Which isn’t exactly what happened when his wife decided she wanted to get rid of fat that had taken root in her outer thighs.
“I trapped him in a low moment,” she remembers, then cornered him in the bathroom in her underwear, pointing to the offending areas. “He usually gives me an ‘Oh, you look great,’ ” she says, “So I have to tell him, ‘You’re not my husband; you’re the doctor, and I want brutal honesty.’ ” Once he switched into his metaphorical white jacket, she remembers him saying, “ ‘Okay, I see some fullness here. We can do something.’ ”
She soon was treated to SmartLipo, a method of liposuction that uses lasers to liquefy the fat within fat cells—a procedure she says was pretty painless: “You take a Valium. If you know the doctor, you take two.”
Fat has been Carter Brown’s scourge since childhood: “I was always being appraised by my parents. It was a silent knowing that I put on some weight.”
She compared herself to her Southern mother, whose code of upkeep included, her daughter recalls, “looking nice when you travel.” Says Brown: “Looks were a big thing when I was growing up, and I spent a lot of time trying to look a certain way. Then I married a plastic surgeon, and now I finally feel comfortable in my own skin.”
She admits that even if she weren’t married to a plastic surgeon, she’d seek one out. “I will have a facelift done when I need it,” she says. “Talk to me in ten years. Who knows what I’ll look like or how much work I’ll have done?”
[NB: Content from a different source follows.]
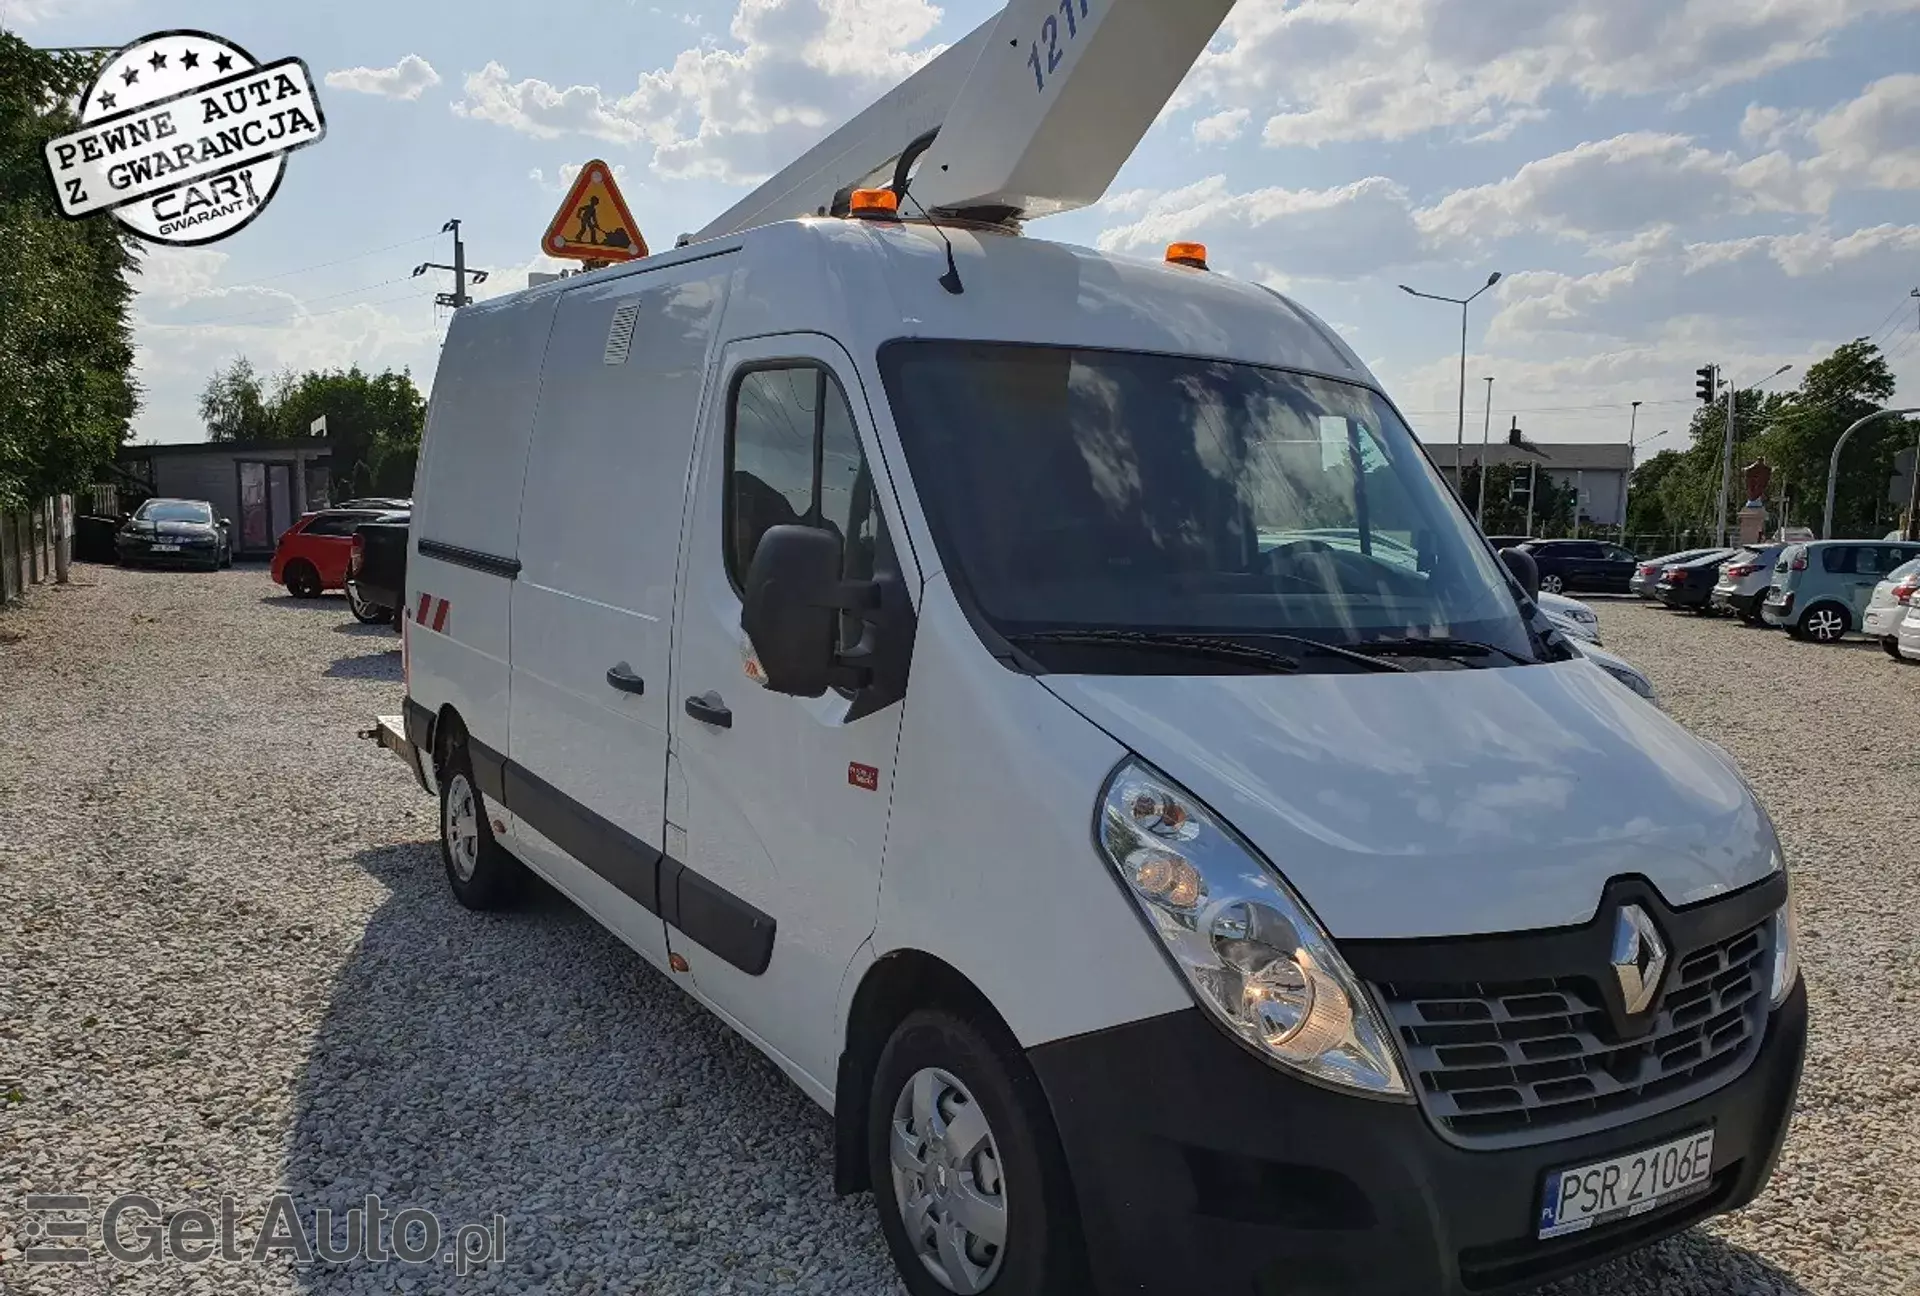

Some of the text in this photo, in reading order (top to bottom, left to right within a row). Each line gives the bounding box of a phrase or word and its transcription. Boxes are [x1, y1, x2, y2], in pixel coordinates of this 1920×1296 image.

[1558, 1165, 1621, 1220] PSR
[1628, 1136, 1710, 1201] 2106E
[1542, 1208, 1554, 1219] PL
For a glimpse into that future, Brown may consider talking to the grande dame of wives, Julia Hopping. With her high cheekbones and higher brows, Hopping, 61, is the perfect floor model for husband Steven Hopping’s handiwork, a lovely cross between Barbara Walters and Carolina Herrera.
“My husband likes to say that he’s done me from head to toe,” she says, conducting her hand down the length of her Alexander McQueen suit to her Escada pumps.
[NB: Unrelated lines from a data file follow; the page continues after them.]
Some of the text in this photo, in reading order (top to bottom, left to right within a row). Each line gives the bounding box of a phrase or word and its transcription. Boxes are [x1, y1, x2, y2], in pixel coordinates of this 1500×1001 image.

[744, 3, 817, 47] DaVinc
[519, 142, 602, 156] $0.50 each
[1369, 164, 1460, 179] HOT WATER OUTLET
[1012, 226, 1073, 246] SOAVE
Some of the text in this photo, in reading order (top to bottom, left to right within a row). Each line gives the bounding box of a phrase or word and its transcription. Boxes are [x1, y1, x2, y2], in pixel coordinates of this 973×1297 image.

Before she married him, Hopping says she “was not stone ugly” and that these days, even as the doctor’s wife, she “cannot always get on the schedule.” But she receives a yearly injection of Botox, a mini-tuck on her lower face and neck, and liposuction to her midsection.
“I walked up the Pyramids eight days after a facelift,” she adds.
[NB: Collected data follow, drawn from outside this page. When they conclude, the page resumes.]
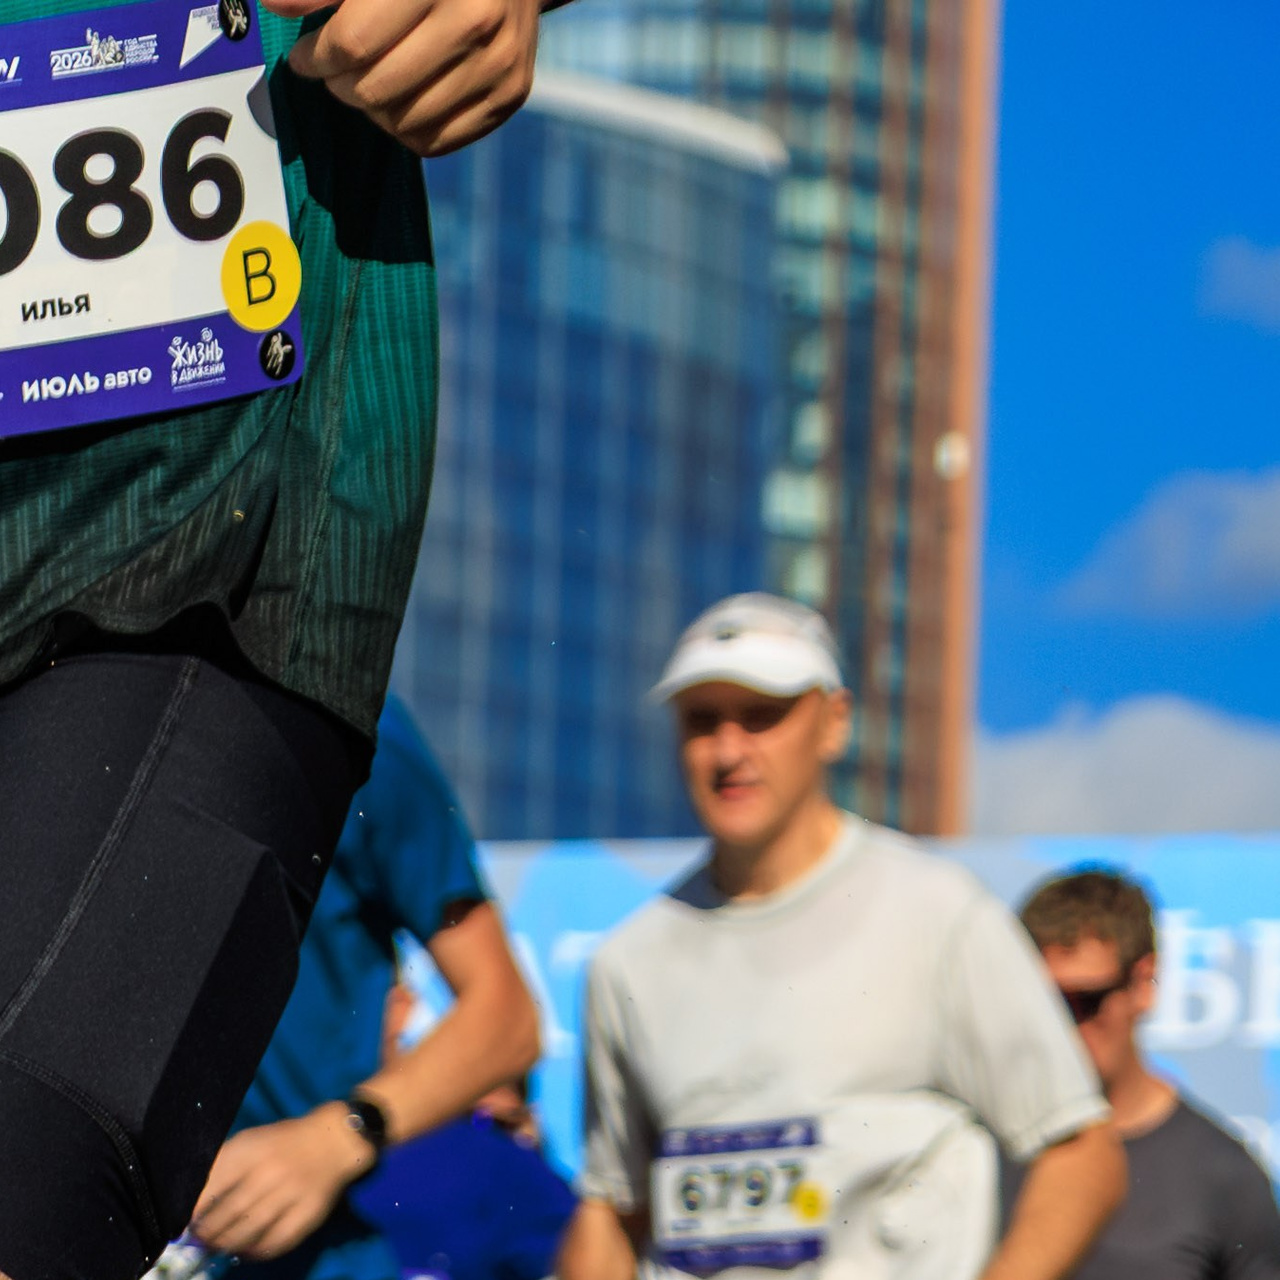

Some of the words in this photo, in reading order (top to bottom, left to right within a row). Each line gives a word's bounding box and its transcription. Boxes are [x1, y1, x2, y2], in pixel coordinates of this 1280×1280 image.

[51, 51, 92, 72] 2026
[21, 293, 91, 322] ИЛЬЯ
[168, 338, 224, 370] ЖИЗНЬ
[22, 371, 100, 403] ИЮЛЬ
[103, 366, 152, 390] авто
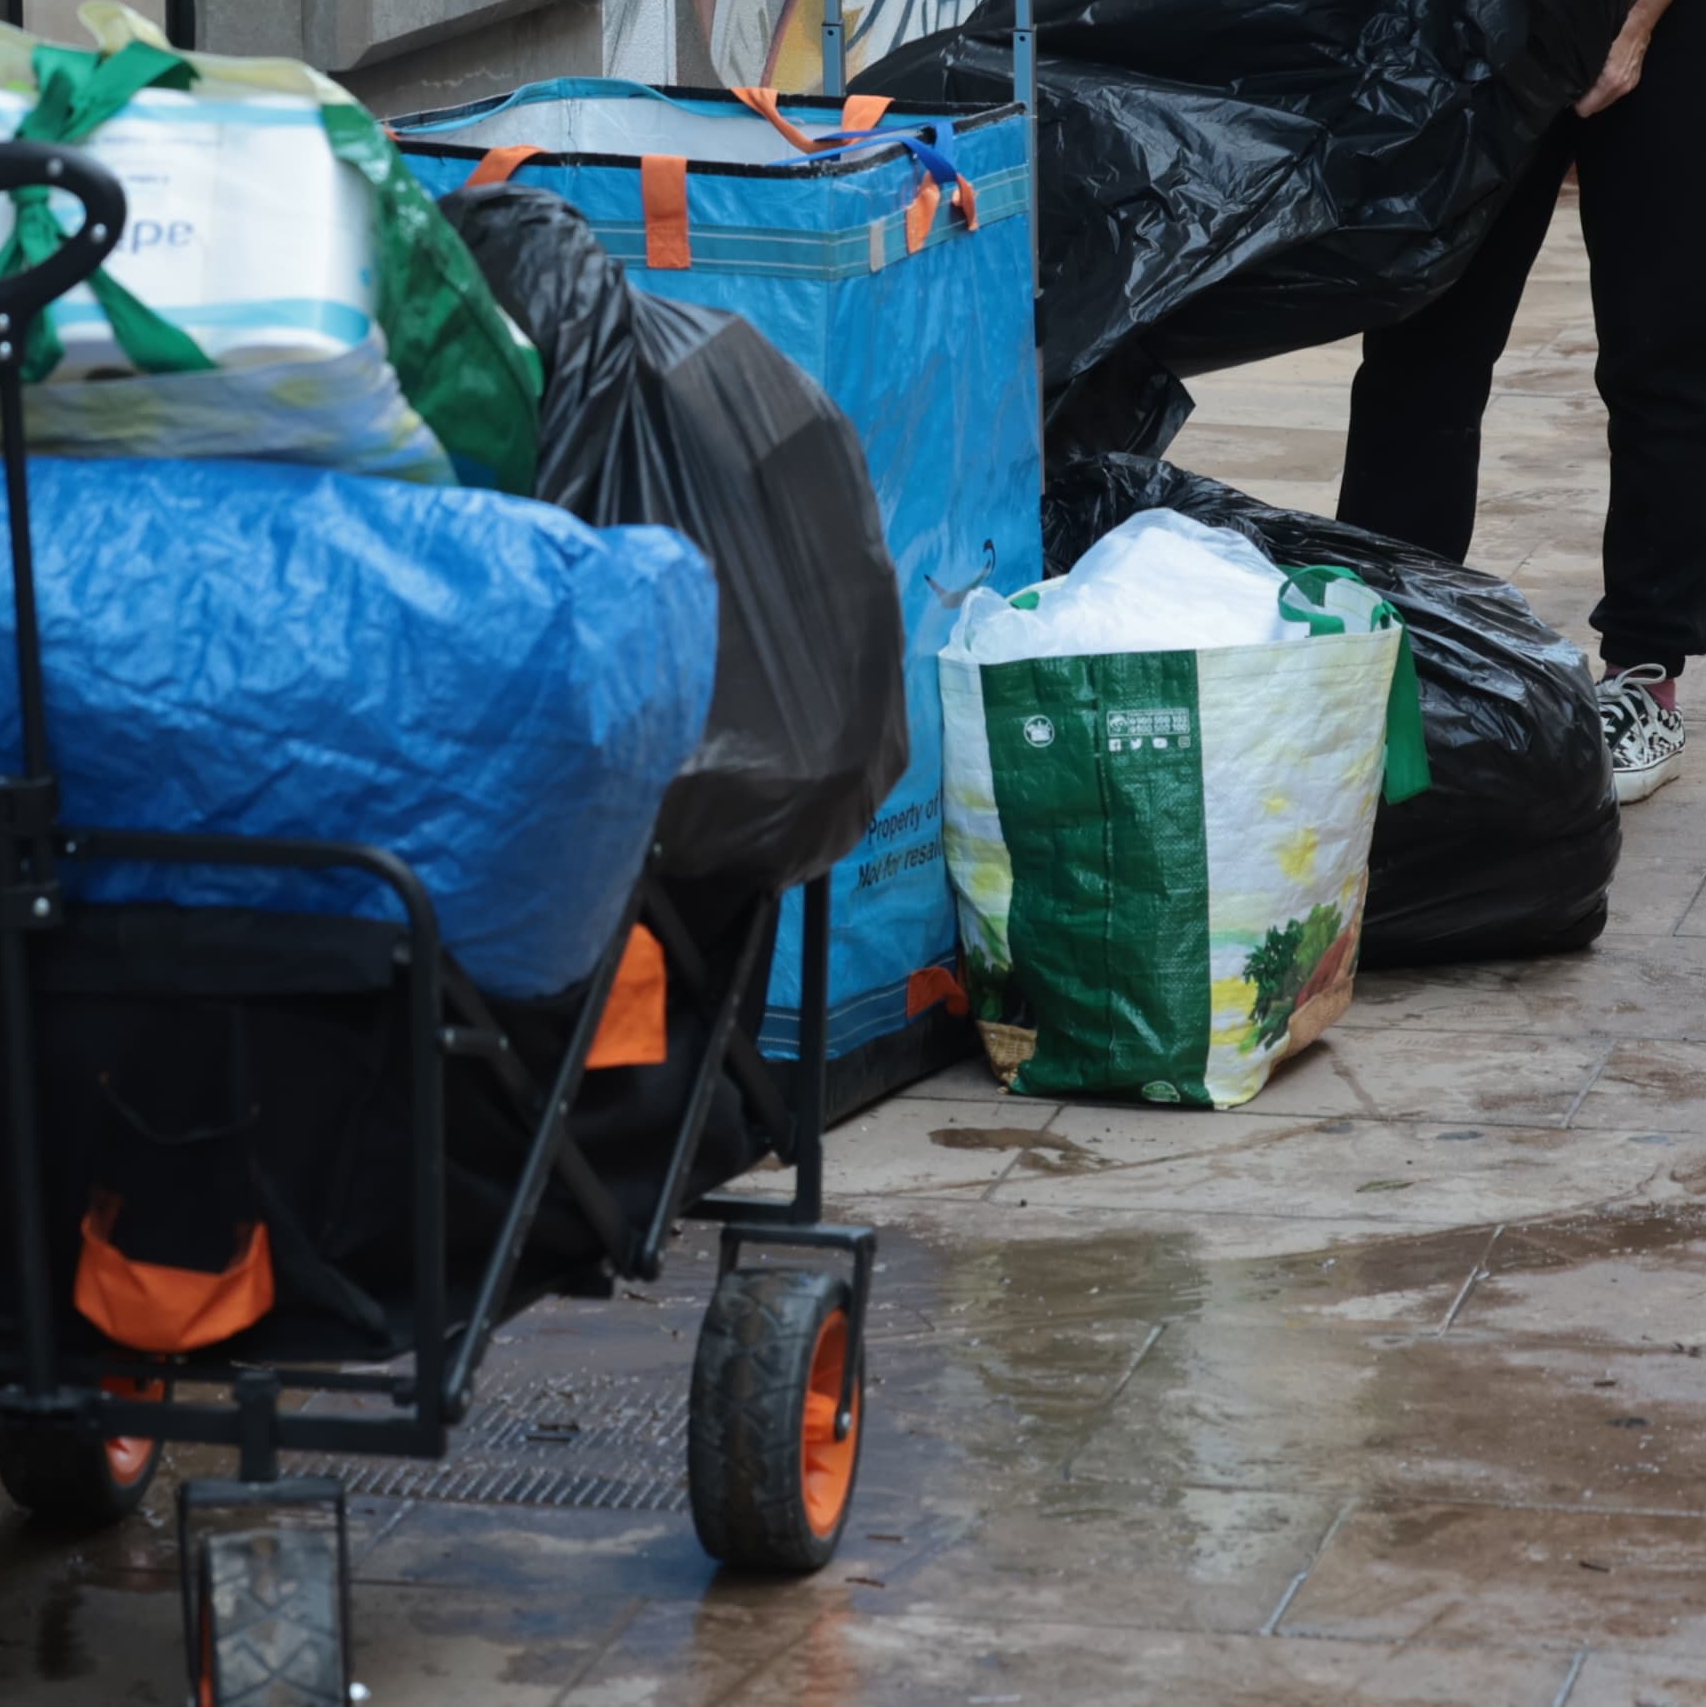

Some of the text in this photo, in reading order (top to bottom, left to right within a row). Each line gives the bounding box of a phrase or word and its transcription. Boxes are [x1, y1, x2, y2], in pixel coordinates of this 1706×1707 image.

[867, 802, 924, 846] Property
[858, 834, 943, 887] Not for resal
For these wives, perhaps being married to a plastic surgeon is akin to being the wife of a diamond dealer or a furrier—they just wear the goods on their faces.
Hopping is the daughter of a former ambassador from Nicaragua and a descendant of that country’s once-ruling Somoza family. Her maternal grandfather, former Nicaraguan president “Tacho” Somoza, was assassinated in 1956.
When she was a teenager, she was diagnosed with a crippling autoimmune disorder and spent time at the National Institutes of Health. “I was so weak,” Hopping remembers. “But I figured out a way to comb my hair by propping my elbow on a towel rack.”
Her mother always had a hairdresser at the embassy. Her father—who let his daughter tag along to the White House, where, she remembers, Jackie Kennedy had bow legs and wore no stockings—used to tell her, “Whenever you go out, people will see you, and that’s how they’ll remember you.”
Today, along with her husband, she runs the Future of Nicaragua Foundation and makes frequent pilgrimages with him to her homeland, where he performs reconstructive work on babies with cleft lips and palates.
As she talks about their work together, it’s clear she sees her day job—as executive director of her husband’s Center for Cosmetic Surgery in DC—as her most defining attribute.
“You can’t lose your identity because your husband is a surgeon,” she says. “You still have to be paid.”
This article first appeared in the February 2011 issue of The Washingtonian.